*** Input data ***

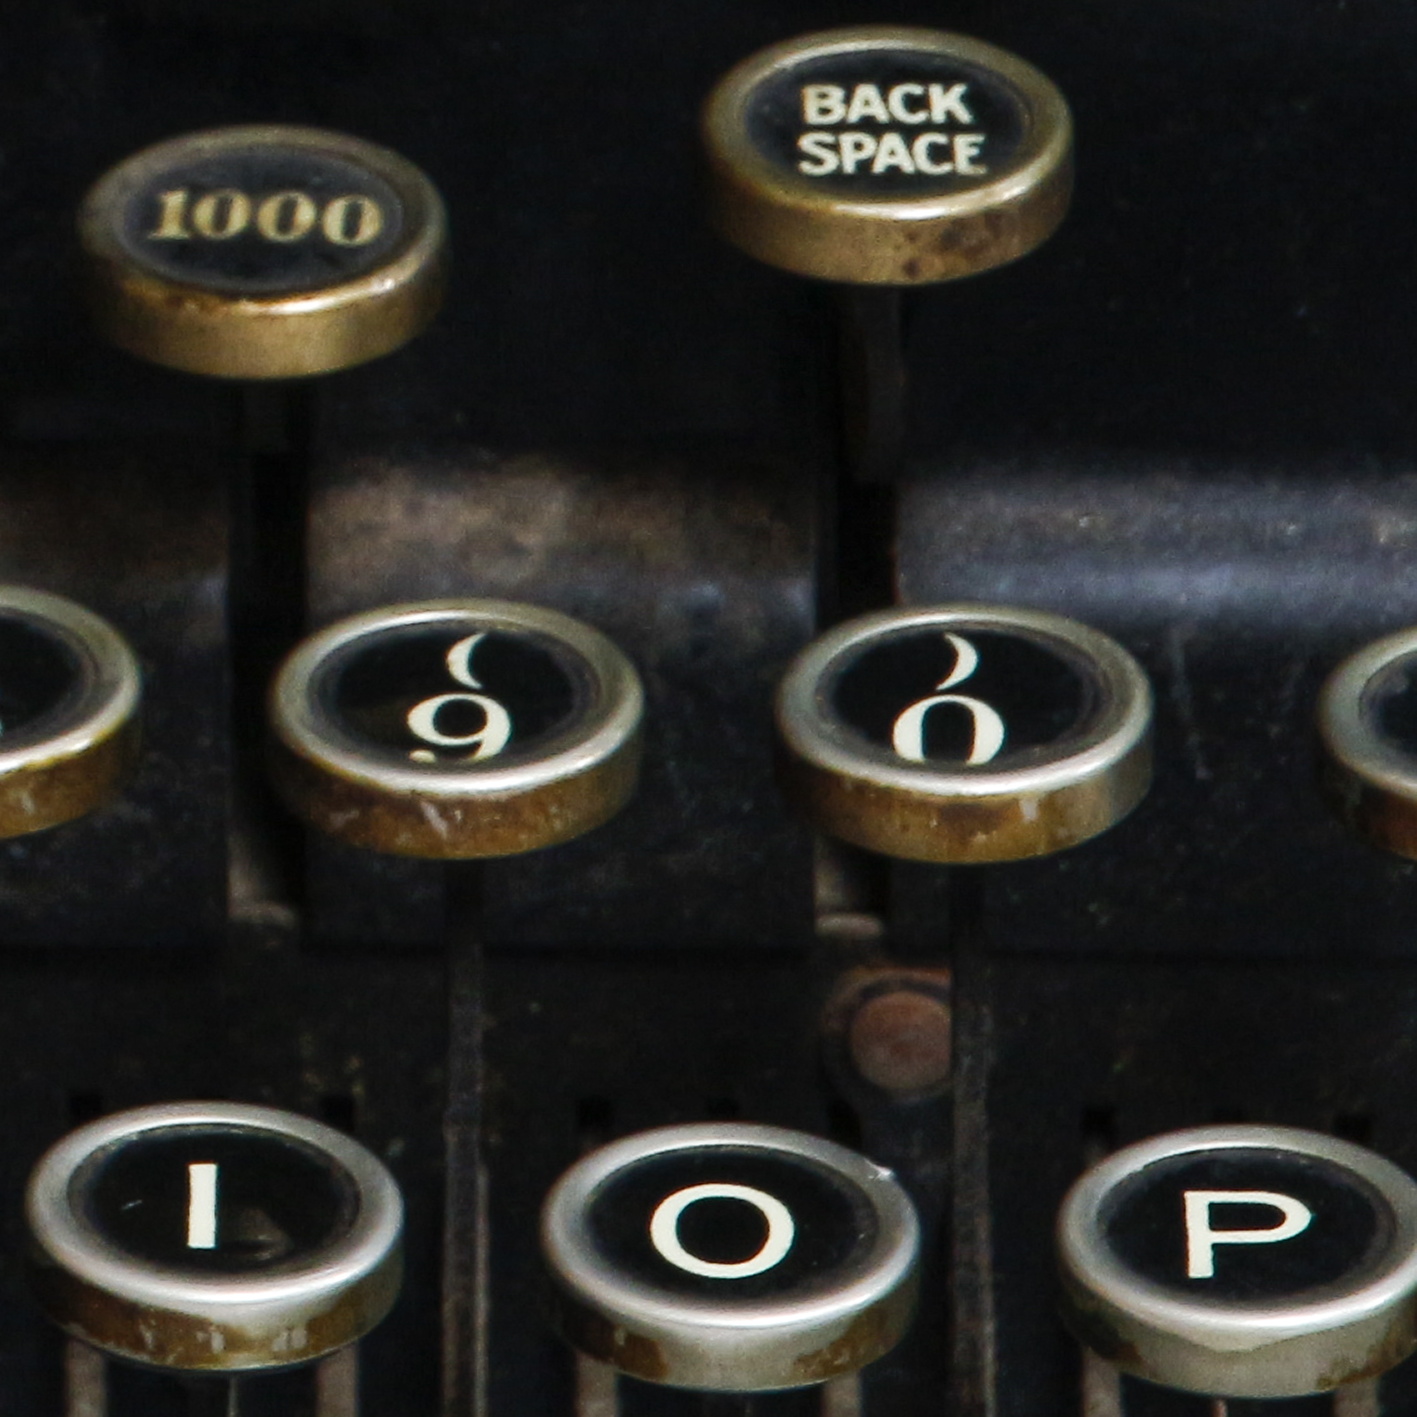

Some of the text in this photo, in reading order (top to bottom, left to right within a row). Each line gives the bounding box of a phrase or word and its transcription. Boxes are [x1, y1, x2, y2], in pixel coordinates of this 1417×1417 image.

[804, 84, 972, 124] BACK
[799, 133, 985, 175] SPACE
[149, 188, 384, 248] 1000
[408, 694, 510, 762] 9
[188, 1164, 217, 1248] I
[651, 1184, 794, 1278] O
[1184, 1191, 1311, 1278] P
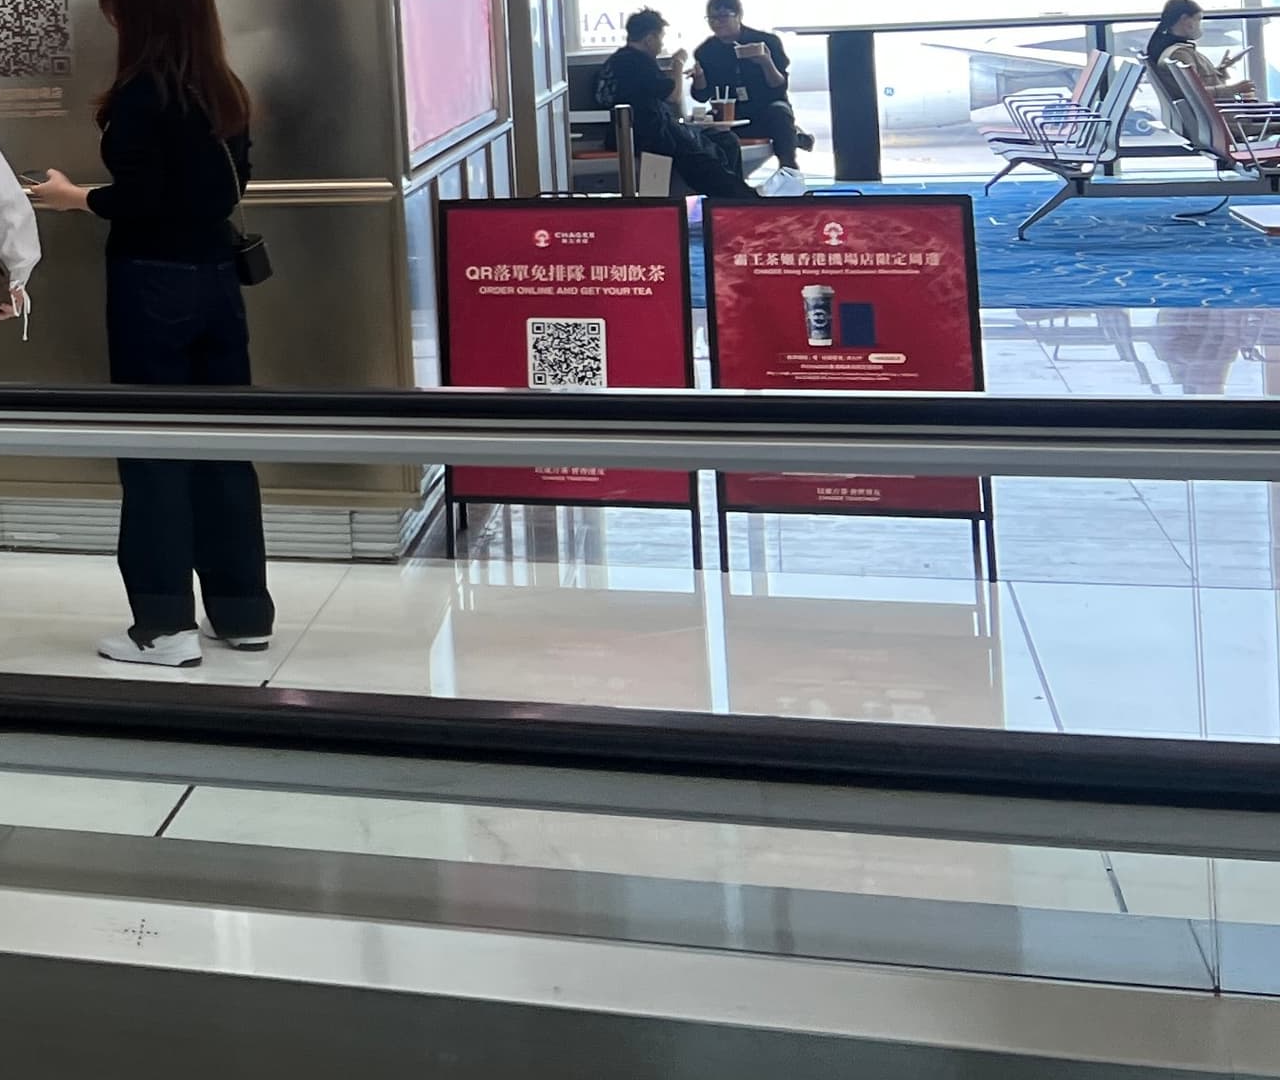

*** End of Input data ***

Activity> Write out the records above exactly. Pictures do not belong in the copy.

Answer to this exercise>
Some of the text in this photo, in reading order (top to bottom, left to right within a row). Each line gives the bounding box of a phrase or word and its transcription. Boxes are [x1, y1, x2, y2], in pixel coordinates of this 1417×1417 image.

[804, 84, 972, 124] BACK
[799, 133, 985, 175] SPACE
[149, 188, 384, 248] 1000
[408, 694, 510, 762] 9
[188, 1164, 217, 1248] I
[651, 1184, 794, 1278] O
[1184, 1191, 1311, 1278] P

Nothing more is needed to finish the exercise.